▶ _Required action_
Everything from the line containing "this 1600×1200 image." to the end of the records must be restated word for word, and nothing else.

▶ _Data records_
______________________________

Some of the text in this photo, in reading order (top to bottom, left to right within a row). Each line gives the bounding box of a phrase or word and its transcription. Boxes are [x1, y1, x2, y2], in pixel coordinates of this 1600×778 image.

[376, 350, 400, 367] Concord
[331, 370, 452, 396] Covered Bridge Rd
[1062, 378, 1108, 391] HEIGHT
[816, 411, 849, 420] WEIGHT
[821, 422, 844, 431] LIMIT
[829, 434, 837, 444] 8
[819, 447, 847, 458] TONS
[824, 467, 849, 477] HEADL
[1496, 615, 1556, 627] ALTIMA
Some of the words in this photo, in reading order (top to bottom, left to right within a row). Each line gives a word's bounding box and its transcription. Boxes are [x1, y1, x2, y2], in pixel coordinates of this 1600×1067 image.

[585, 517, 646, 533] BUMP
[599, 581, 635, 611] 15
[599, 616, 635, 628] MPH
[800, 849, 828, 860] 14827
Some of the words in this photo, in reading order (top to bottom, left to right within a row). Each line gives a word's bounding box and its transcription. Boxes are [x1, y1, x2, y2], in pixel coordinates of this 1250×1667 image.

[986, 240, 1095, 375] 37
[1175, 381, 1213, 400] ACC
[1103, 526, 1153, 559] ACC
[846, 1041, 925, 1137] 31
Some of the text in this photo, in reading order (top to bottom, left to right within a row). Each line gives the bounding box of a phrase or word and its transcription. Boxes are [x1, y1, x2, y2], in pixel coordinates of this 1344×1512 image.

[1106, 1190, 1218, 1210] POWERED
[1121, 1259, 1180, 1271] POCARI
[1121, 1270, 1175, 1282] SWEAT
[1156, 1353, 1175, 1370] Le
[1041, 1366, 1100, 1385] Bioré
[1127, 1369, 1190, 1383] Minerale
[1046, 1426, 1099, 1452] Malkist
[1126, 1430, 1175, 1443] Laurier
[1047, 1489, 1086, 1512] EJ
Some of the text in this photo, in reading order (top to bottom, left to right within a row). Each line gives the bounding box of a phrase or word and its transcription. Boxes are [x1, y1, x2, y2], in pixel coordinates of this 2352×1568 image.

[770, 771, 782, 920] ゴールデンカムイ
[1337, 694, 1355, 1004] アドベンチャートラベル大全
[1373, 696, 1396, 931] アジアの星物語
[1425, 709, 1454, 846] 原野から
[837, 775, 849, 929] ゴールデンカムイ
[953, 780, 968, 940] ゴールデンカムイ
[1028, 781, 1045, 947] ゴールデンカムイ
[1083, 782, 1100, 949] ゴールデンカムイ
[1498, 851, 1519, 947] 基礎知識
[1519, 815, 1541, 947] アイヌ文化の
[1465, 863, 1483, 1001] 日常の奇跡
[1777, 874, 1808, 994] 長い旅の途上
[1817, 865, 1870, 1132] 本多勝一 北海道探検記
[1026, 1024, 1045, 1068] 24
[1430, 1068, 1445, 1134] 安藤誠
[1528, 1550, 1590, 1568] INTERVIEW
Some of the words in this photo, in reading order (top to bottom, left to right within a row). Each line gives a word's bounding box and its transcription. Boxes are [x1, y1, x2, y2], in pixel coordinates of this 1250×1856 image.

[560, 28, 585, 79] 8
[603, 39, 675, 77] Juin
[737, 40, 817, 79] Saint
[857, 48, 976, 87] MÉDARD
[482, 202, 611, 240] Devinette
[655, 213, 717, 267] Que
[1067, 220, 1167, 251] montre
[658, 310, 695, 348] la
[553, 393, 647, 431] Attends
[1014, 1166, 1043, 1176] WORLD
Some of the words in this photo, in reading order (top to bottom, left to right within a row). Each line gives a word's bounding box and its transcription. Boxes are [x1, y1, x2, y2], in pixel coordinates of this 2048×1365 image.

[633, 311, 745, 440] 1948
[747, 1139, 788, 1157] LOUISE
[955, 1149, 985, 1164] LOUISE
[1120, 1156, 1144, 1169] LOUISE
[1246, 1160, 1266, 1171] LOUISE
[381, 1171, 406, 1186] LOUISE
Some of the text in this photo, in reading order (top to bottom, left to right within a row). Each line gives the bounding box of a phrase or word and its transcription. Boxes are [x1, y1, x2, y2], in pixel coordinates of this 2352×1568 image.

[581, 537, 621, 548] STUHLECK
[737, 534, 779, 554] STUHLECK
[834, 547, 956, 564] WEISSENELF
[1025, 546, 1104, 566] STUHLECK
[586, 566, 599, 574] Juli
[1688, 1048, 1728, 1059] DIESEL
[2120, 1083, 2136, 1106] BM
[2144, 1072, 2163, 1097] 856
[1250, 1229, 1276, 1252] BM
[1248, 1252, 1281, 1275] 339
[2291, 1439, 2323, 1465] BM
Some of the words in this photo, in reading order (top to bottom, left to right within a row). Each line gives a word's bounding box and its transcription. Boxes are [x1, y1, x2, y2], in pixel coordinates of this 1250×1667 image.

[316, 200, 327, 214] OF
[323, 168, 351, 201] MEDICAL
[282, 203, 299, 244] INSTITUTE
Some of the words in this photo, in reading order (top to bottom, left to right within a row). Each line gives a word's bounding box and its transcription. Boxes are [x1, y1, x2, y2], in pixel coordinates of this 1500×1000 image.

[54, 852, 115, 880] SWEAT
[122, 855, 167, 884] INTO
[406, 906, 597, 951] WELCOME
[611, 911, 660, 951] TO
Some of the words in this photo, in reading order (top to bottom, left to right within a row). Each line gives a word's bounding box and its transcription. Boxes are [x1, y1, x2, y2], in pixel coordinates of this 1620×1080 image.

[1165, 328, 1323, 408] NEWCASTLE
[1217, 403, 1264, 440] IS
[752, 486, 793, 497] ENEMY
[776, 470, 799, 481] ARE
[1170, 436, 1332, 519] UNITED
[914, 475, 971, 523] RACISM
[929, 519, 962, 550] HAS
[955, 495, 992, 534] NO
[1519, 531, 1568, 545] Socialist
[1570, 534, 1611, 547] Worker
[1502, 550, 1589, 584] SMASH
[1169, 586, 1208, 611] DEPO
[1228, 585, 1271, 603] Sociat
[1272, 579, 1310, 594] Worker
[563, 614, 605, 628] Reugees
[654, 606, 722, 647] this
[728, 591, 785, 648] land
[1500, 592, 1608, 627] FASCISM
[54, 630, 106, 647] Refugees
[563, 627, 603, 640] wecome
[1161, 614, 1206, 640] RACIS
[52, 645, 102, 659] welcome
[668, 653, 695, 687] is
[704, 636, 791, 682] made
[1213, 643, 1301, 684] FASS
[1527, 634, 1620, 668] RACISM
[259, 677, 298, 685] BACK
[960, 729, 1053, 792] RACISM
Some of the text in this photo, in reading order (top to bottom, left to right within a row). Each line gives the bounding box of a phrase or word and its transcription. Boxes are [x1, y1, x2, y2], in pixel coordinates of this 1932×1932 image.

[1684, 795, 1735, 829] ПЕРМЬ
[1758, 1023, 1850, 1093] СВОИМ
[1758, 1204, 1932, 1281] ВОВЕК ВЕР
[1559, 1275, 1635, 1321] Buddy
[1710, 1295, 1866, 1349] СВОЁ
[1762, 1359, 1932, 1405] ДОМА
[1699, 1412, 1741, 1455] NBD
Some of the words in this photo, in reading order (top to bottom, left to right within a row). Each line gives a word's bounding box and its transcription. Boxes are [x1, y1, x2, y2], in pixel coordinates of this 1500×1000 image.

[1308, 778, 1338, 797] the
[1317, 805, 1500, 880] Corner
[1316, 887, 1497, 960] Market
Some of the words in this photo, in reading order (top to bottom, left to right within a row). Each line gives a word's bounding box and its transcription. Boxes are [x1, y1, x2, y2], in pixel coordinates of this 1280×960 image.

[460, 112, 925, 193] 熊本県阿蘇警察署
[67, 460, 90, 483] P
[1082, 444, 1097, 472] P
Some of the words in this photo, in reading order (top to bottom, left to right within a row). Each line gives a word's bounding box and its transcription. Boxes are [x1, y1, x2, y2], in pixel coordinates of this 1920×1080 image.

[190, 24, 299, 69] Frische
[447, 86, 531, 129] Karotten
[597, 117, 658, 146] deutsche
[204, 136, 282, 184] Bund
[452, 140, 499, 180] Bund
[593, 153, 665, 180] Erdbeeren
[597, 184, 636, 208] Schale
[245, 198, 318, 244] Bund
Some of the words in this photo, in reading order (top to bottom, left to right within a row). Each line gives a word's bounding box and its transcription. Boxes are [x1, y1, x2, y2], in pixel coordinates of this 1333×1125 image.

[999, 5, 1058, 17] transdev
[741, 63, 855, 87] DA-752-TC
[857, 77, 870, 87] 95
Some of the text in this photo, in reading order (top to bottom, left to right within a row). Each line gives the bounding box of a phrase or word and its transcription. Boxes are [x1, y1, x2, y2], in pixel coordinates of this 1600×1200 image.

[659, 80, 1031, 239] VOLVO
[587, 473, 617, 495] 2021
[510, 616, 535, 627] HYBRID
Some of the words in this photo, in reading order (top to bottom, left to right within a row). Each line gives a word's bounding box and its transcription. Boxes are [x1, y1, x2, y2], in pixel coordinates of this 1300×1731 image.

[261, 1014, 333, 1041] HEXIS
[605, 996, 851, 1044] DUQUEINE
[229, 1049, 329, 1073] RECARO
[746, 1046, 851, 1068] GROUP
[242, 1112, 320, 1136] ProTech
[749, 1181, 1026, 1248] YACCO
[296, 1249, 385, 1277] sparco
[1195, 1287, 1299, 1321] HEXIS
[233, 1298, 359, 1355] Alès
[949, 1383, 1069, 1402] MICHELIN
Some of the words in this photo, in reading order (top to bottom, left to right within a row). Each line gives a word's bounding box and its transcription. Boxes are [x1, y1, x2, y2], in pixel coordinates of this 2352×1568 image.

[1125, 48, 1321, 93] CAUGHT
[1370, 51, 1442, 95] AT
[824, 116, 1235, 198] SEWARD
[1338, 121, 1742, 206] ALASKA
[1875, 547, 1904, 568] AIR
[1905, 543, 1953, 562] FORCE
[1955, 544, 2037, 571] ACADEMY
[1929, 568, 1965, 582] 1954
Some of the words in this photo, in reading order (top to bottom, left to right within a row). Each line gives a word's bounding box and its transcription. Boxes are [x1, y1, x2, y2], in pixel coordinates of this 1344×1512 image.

______________________________

▶ _Answer box_
Some of the text in this photo, in reading order (top to bottom, left to right within a row). Each line gives the bounding box of a phrase or word and its transcription. Boxes are [x1, y1, x2, y2], in pixel coordinates of this 1600×1200 image.

[659, 80, 1031, 239] VOLVO
[587, 473, 617, 495] 2021
[510, 616, 535, 627] HYBRID
Some of the words in this photo, in reading order (top to bottom, left to right within a row). Each line gives a word's bounding box and its transcription. Boxes are [x1, y1, x2, y2], in pixel coordinates of this 1300×1731 image.

[261, 1014, 333, 1041] HEXIS
[605, 996, 851, 1044] DUQUEINE
[229, 1049, 329, 1073] RECARO
[746, 1046, 851, 1068] GROUP
[242, 1112, 320, 1136] ProTech
[749, 1181, 1026, 1248] YACCO
[296, 1249, 385, 1277] sparco
[1195, 1287, 1299, 1321] HEXIS
[233, 1298, 359, 1355] Alès
[949, 1383, 1069, 1402] MICHELIN
Some of the words in this photo, in reading order (top to bottom, left to right within a row). Each line gives a word's bounding box and its transcription. Boxes are [x1, y1, x2, y2], in pixel coordinates of this 2352×1568 image.

[1125, 48, 1321, 93] CAUGHT
[1370, 51, 1442, 95] AT
[824, 116, 1235, 198] SEWARD
[1338, 121, 1742, 206] ALASKA
[1875, 547, 1904, 568] AIR
[1905, 543, 1953, 562] FORCE
[1955, 544, 2037, 571] ACADEMY
[1929, 568, 1965, 582] 1954
Some of the words in this photo, in reading order (top to bottom, left to right within a row). Each line gives a word's bounding box and its transcription. Boxes are [x1, y1, x2, y2], in pixel coordinates of this 1344×1512 image.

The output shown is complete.